I believe that the sound, or the music, should be considered like a partners. I always look at the music in this way when I create, it's not only something you need to follow.. The sound becomes a real part of my choreographies, like a person who dances with my dancers. I mean that I see the link between the movement of the music and the movement of dancers and also how they interact together. It is about create a balance between dancer and music to get this kind of interconnection.

How do you find the right music for your creations?

It depends.. Each time is different…

For instance, once I worked in a team with the composer. We met and we shared just few suggestions, like expressing which sound I liked most. Then the music went out easily!

When I find this kind of cooperation, I had the possibility to create a music that matches perfectly with my ideas. Other times, I use ready composed musics.

In Anna Karenina the choice was easy and almost natural. Although my aim was to use an original musica, specially composed for Anna, I knew I needed a classical music to create this piece. Tchaikovsky was the best choice at all.

How did dancers here in Balletto di Milano react to you and your way to work?

Well, I’m really happy to work here. During the entire production, each dancer showed high motivation and dedication. Of course, inside the group I found differences in level, experience and capabilities, but they all have the same attitude, the same willing to learn; they really accepted what I had to give.

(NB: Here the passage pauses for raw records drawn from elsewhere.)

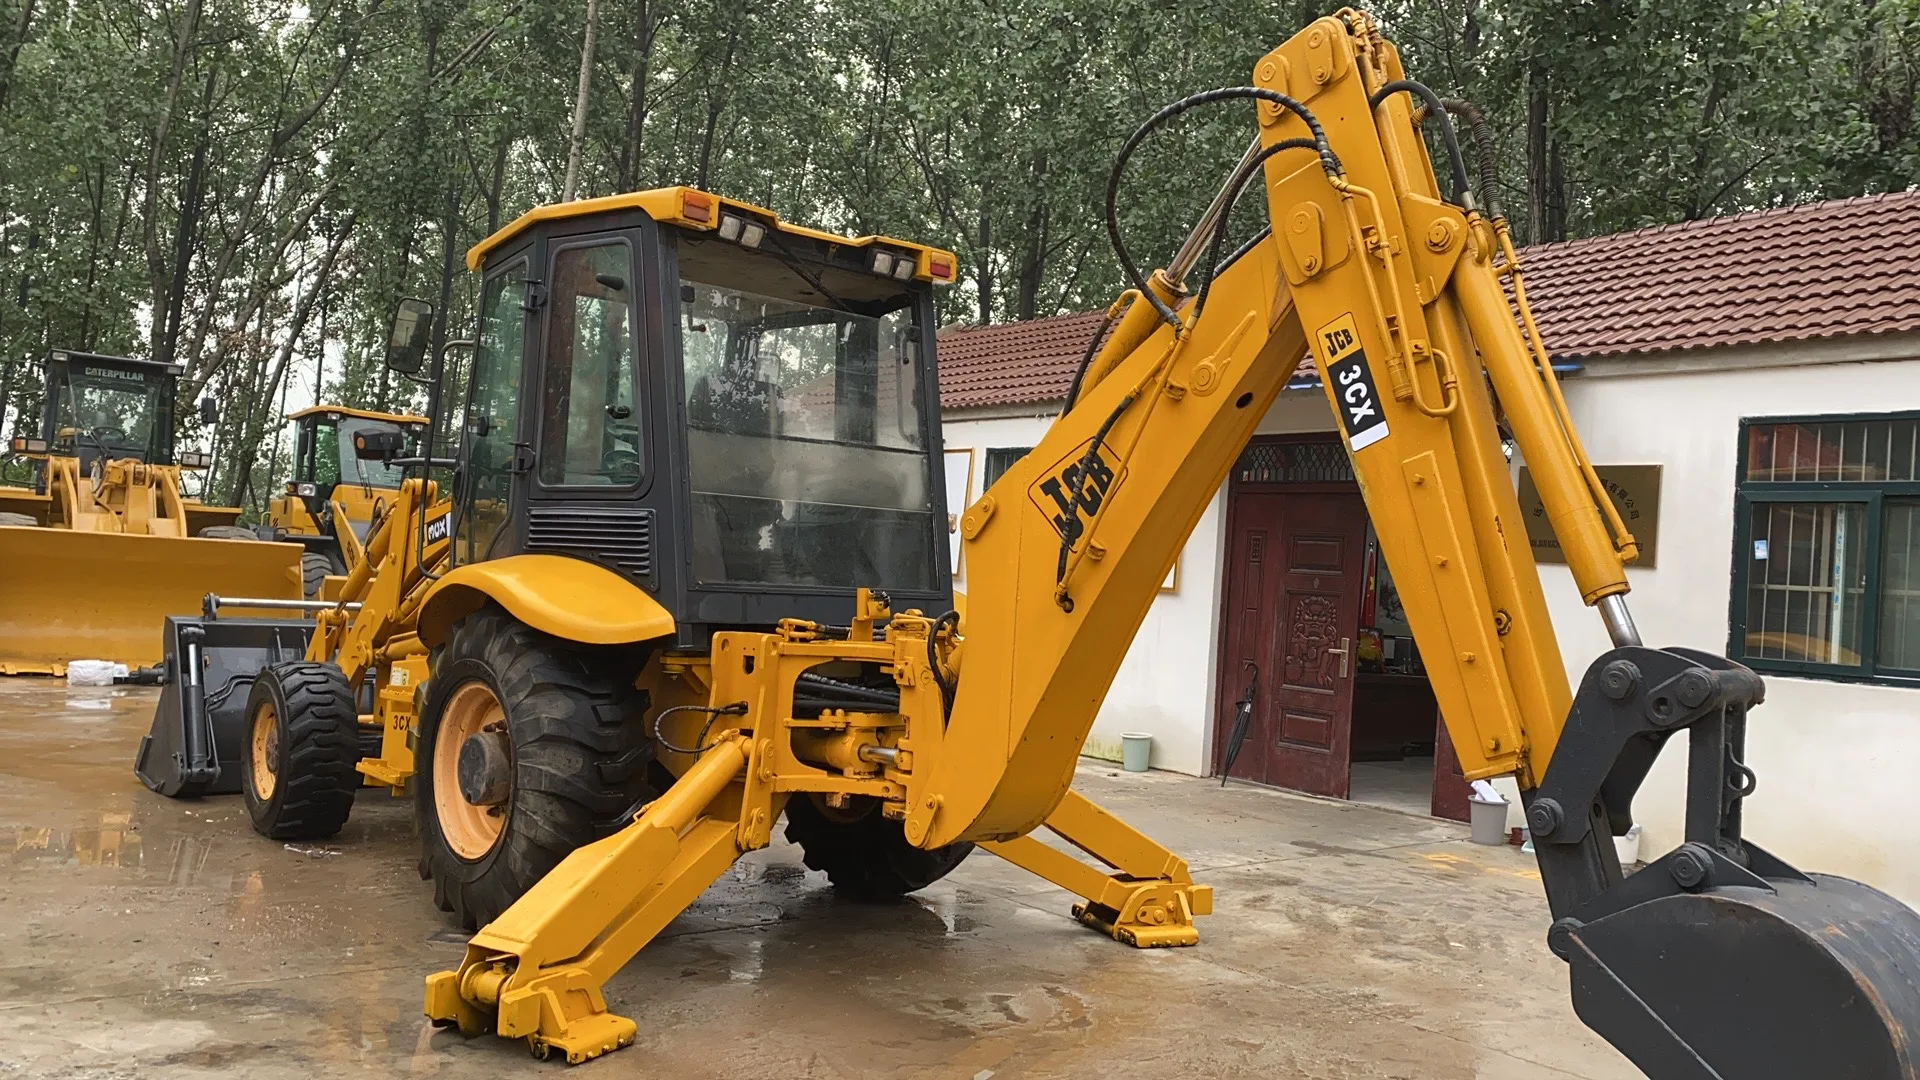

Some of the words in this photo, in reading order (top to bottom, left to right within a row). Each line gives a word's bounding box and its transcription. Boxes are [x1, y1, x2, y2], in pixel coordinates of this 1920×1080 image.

[1325, 328, 1353, 358] JCB
[84, 366, 144, 381] CATERPILLAR
[1339, 364, 1375, 426] 3CX
[1039, 452, 1115, 548] JCB
[392, 714, 412, 731] 3CX
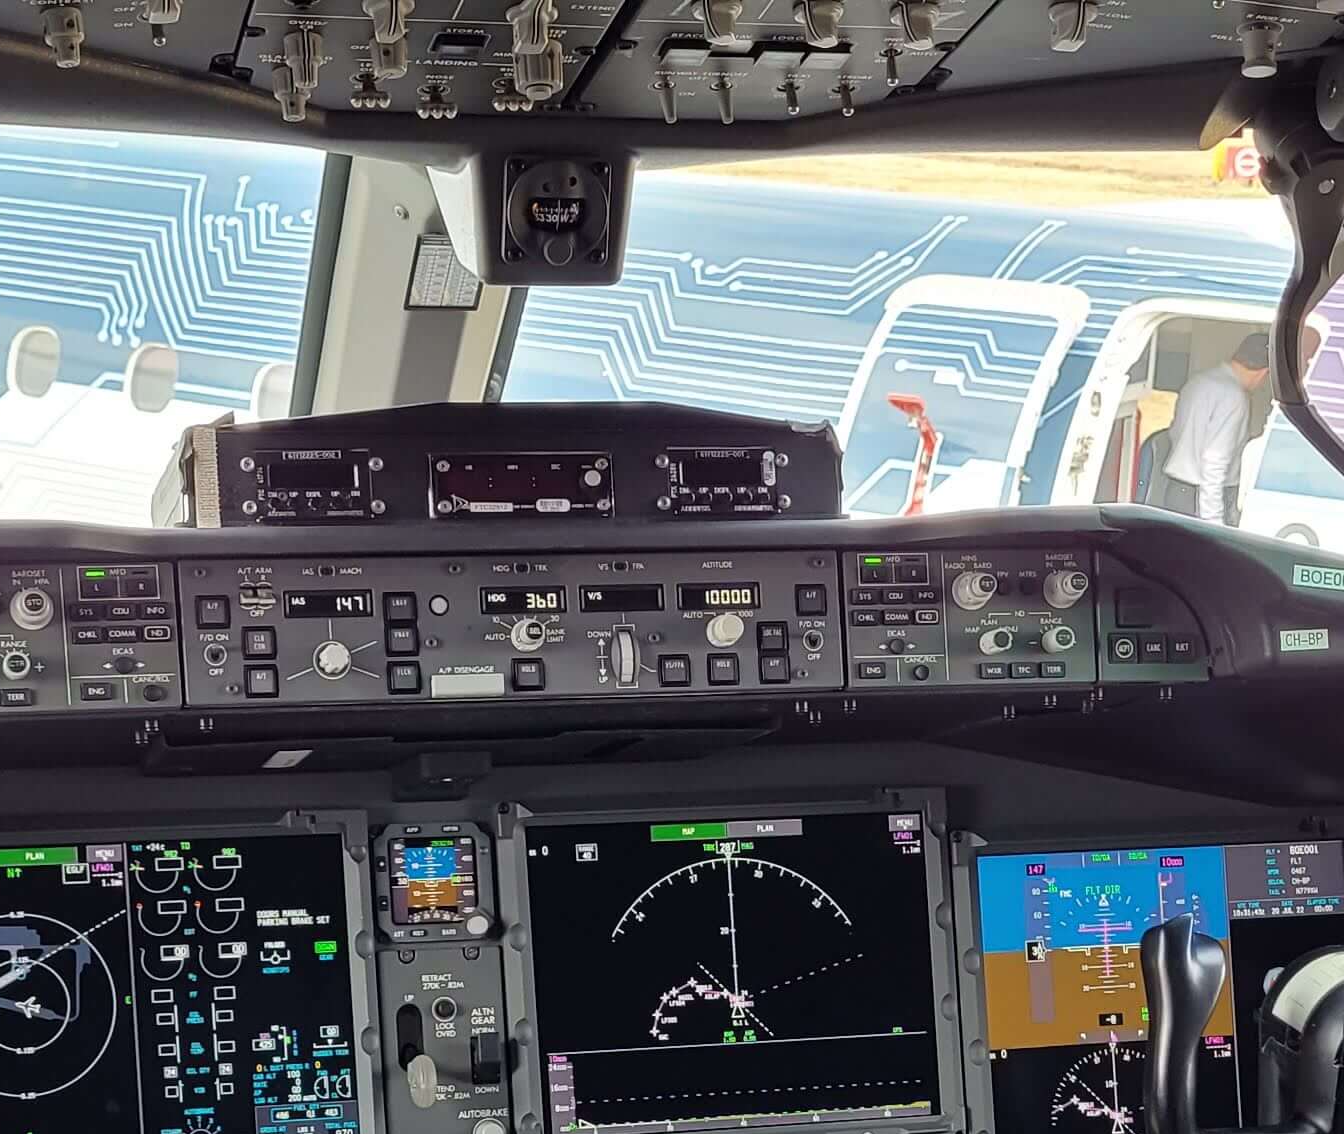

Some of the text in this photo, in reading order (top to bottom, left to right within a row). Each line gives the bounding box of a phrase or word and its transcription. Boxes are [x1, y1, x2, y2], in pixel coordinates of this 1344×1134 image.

[702, 560, 733, 569] ALTITUDE
[487, 594, 506, 602] HDG
[705, 588, 751, 605] 10000
[292, 597, 364, 612] IAS 147
[79, 608, 93, 616] SYS
[112, 607, 130, 615] CDU
[485, 633, 505, 641] AUTO
[587, 631, 611, 639] DOWN
[1285, 632, 1324, 647] CH-BP
[0, 640, 28, 648] RANGE
[88, 687, 105, 696] ENG
[719, 842, 737, 853] 287
[1289, 845, 1319, 855] BOE001
[1028, 866, 1043, 875] 147
[1085, 885, 1120, 895] FLT DIR
[421, 974, 452, 982] RETRACT
[471, 1007, 495, 1016] ALTN
[471, 1016, 495, 1025] GEAR
[475, 1086, 499, 1094] DOWN
[458, 1108, 509, 1119] AUTOBRAKE

At the beginning, when I demonstrated the first sequences of steps, I decided to give them few and quick inputs, to see how they could react to them. I’ve already known them so in my mind it was almost clear who would be Anna or the other characters, but we found together the way to get the final goal. I want dancers to participate.

Who is your Anna?

Anna Karenina is everyone of us. We all have a urge to define our individuality to follow our 'internal voice'. Anna have a need to break the frame where she lives, where there is an expected way to behave, respecting what society expects.

Anna follows her need to explore, to build her personality and she is destined to do it through actions, but this leads her to a point of death. It is like an effort to get attention and admiration, pushing beyond the limit through death martyrdom. Anna is not just a woman, who needs essential ingredients to live or love, which are natural element of Human life.

My aim was not to recreate Lev Tolstoj's story in theatre frame, but to touch what Tolstoj imbedded between the lines in his book. I believe where words end, dance takes over and brings life. I was not seeking answers, but meditating to compose accurate questions, this what Tolstoj was 'asking' me to do when I read Anna Karenina and got instantly clear visions of this ballet.        

Do you have any future projects, maybe in Milan again?

This experience is really pleasant, till now I mean, and I’m really looking for the premiere. Surely, if Balletto di Milano and the theatre ask me for a new collaboration, I will be glad to work again with them.